Tips for Running With Sore Chest Muscles
Running can cause the microscopic tears in muscle tissue that lead to DOMS. Photo Credit Jupiterimages/Photos.com/Getty Images

If you develop sore chest muscles 24 to 48 hours after running, the cause may be delayed onset muscle soreness, or DOMS. DOMS usually vanishes within five to seven days and can be eased with self-care, but MayoClinic.com says that you should consult your doctor if your muscle pain lasts longer than a week, if you notice redness and swelling around the muscles, or if the pain started after beginning a new medication. If you have extreme muscle weakness, trouble breathing, dizziness or high fever and a stiff neck, seek immediate medical care.
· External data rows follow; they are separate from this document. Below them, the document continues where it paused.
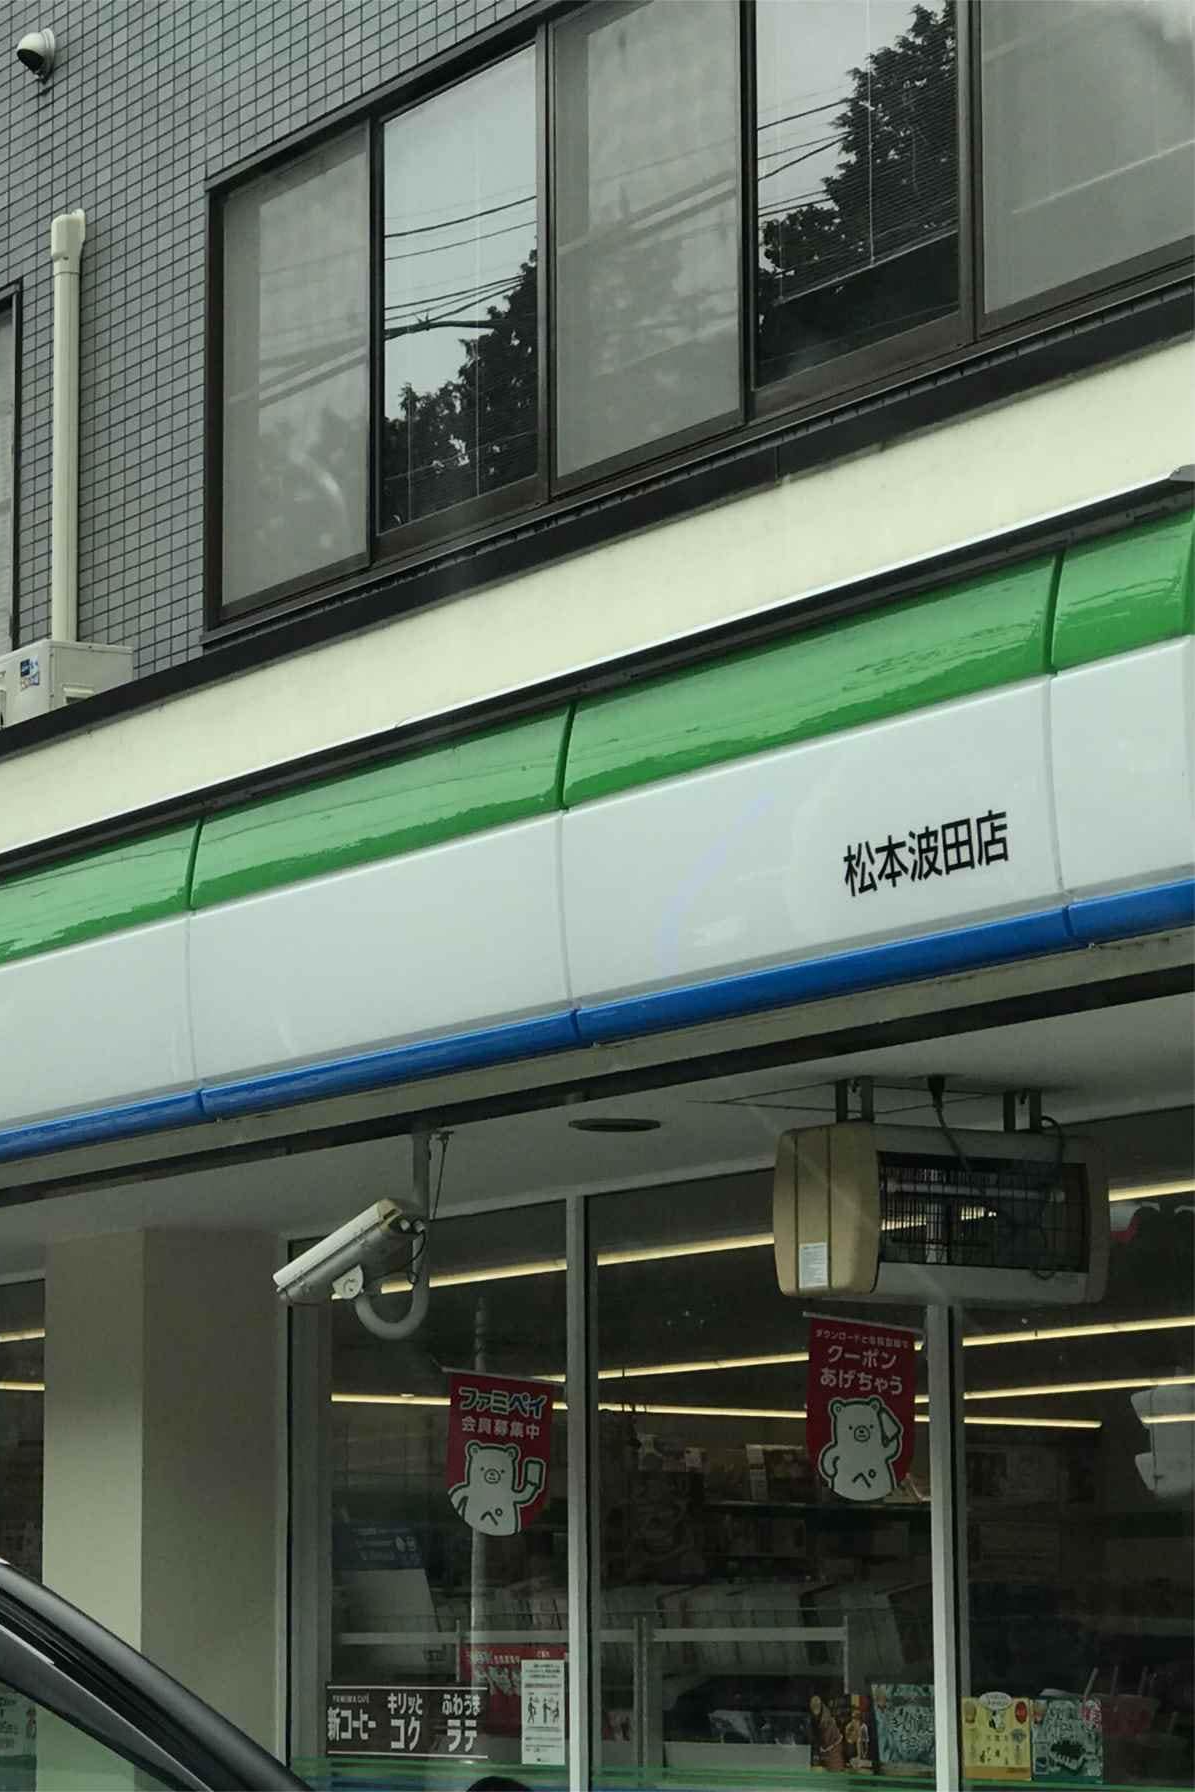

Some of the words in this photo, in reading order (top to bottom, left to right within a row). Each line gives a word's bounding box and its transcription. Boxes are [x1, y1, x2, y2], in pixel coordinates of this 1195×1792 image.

[843, 809, 1009, 897] 松本波田店
[827, 1344, 897, 1370] クーポン
[819, 1367, 903, 1395] あげちゃう
[458, 1386, 548, 1419] ファミペイ
[461, 1416, 541, 1440] 会員募集中
[387, 1692, 423, 1715] キリッと
[441, 1693, 481, 1716] ふわうま
[327, 1706, 377, 1741] 新コーヒー
[390, 1717, 422, 1752] コク
[446, 1718, 478, 1752] ラテ
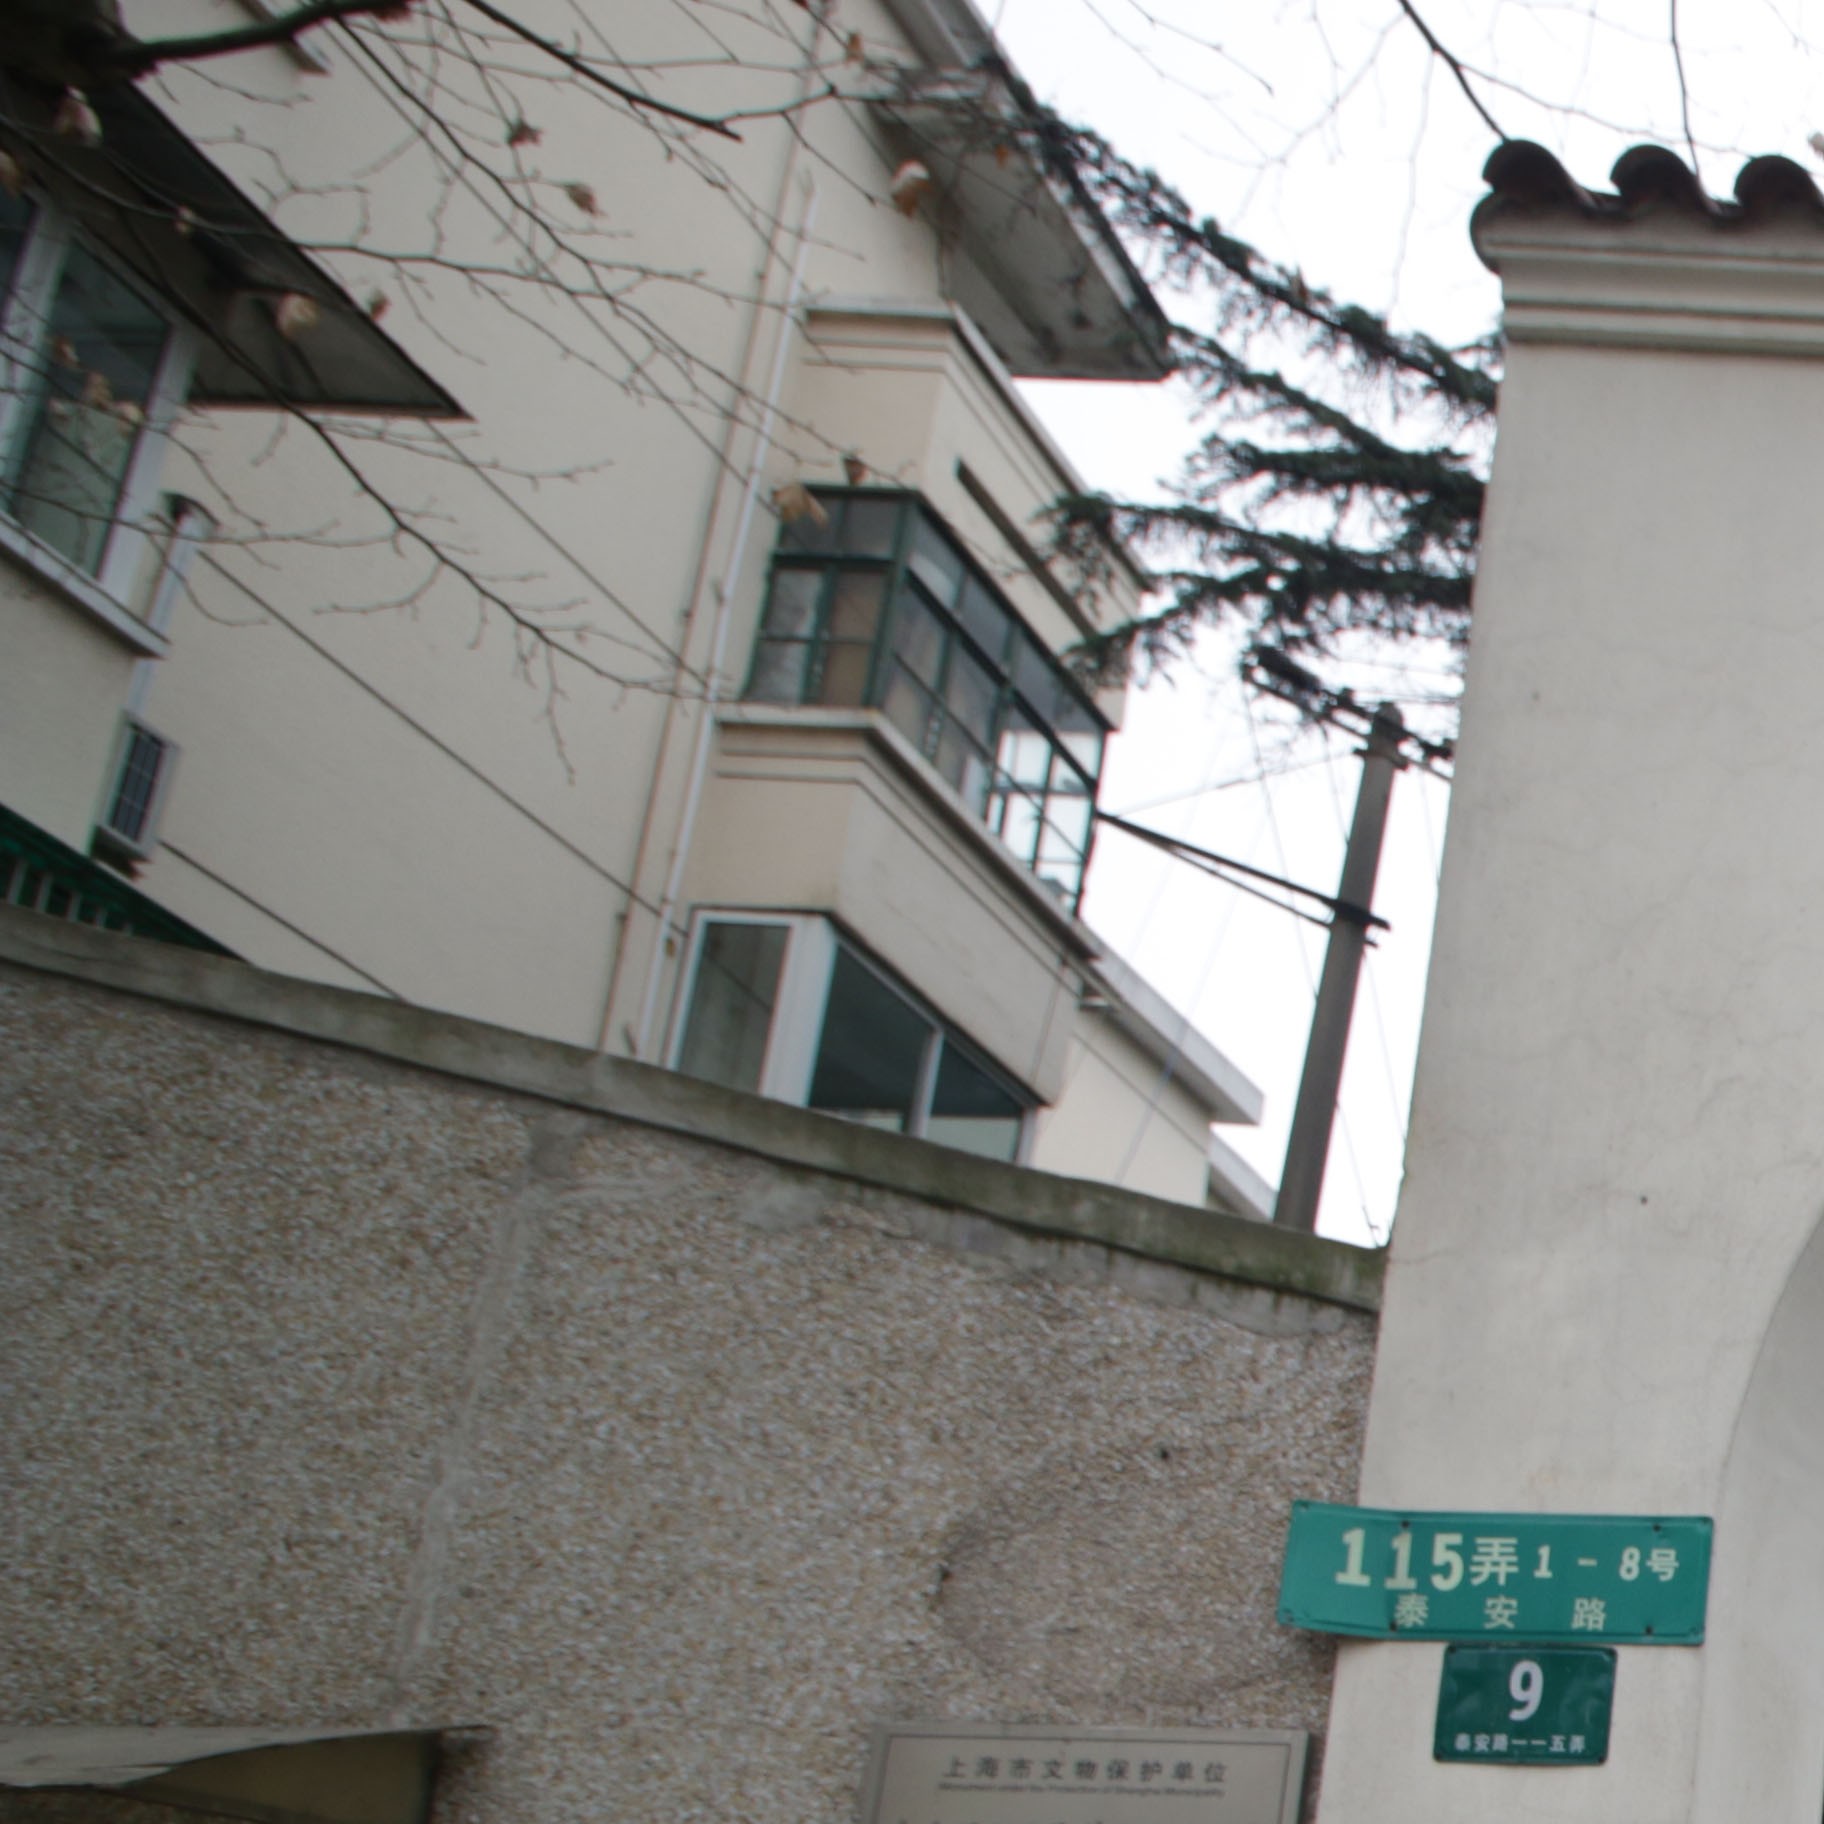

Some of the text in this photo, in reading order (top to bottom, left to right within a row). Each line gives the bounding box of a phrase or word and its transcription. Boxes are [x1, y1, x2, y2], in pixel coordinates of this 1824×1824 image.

DOMS causes muscle pain, inflammation, stiffness and muscle weakness. Severity of symptoms can range from mild achiness to debilitating pain and stiffness that can compromise functional ability for up to a week. Strenuous exercise -- such as lifting weights and bicycling or running for long distances -- increases your chances of having DOMS. Doctors used to attribute DOMS to lactic acid buildup in the blood, but this theory has fallen out of favor. Sports Fitness Advisor says that DOMS is now believed to be an inflammatory response to the microscopic tears that occur in muscle tissue with strenuous exercise. The website also says that research has shown that white blood cell count increases after vigorous exercise. The cycle of tearing and healing of muscle tissue eventually strengthens and enlarges the muscles.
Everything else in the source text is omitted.